Using historical tables:

  • To get data at any point in time, for example: 2014-01-15 01:13:37:
SELECT product_id, stock FROM products_history
WHERE '2014-01-15 01:13:37' between start_date AND end_date ORDER BY product_id;

 product_id | stock 
------------+-------
          1 |    25
          2 |    35
          4 |    20
          5 |     1
          6 |    55
          7 |    10
(6 rows)

Note: This should give you the same result as product_yesterday.

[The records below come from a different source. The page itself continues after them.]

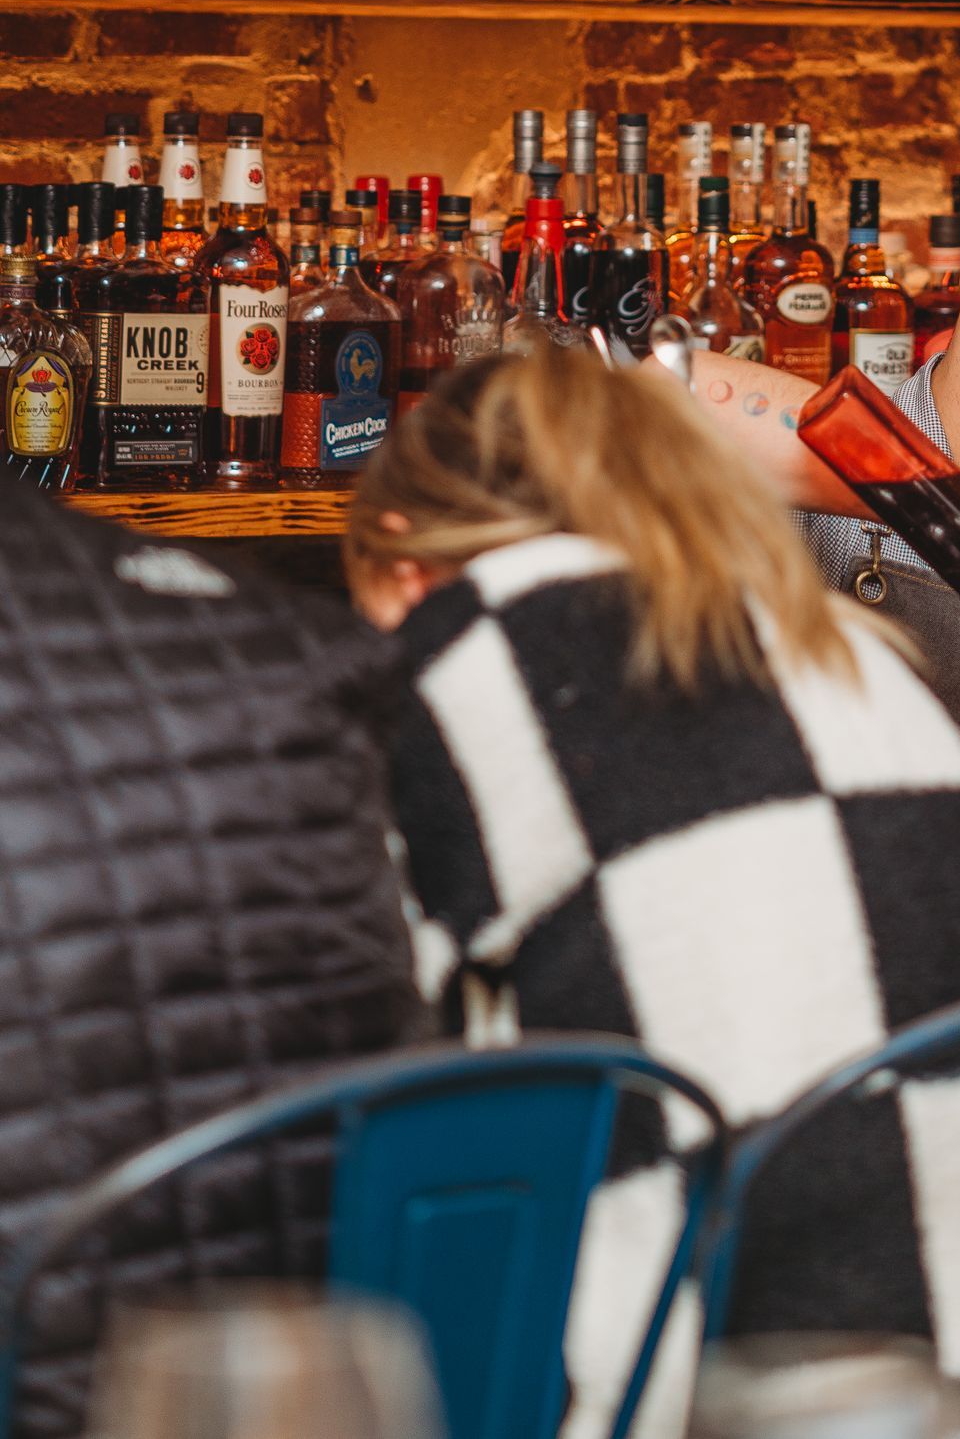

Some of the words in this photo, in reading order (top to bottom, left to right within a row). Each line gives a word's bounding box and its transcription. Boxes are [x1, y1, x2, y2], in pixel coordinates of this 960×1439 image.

[227, 300, 258, 318] Four
[259, 301, 287, 319] Roses
[101, 317, 109, 344] YEARS
[126, 326, 188, 358] KNOB
[100, 345, 108, 366] NINE
[137, 360, 199, 371] CREEK
[99, 367, 107, 389] AGED
[196, 372, 205, 394] 9
[238, 379, 279, 388] BOURBON
[14, 400, 38, 417] Crown
[33, 400, 63, 418] Royal

  • To get the latest data:
SELECT product_id, stock FROM products_history 
WHERE end_date = 'infinity';

 product_id | stock 
------------+-------
          1 |    20
          3 |    10
          4 |     0
          5 |    15
          6 |    55
          7 |    10
          8 |    50
          9 |    20
(8 rows)

Note: This should give you the same result as product_today.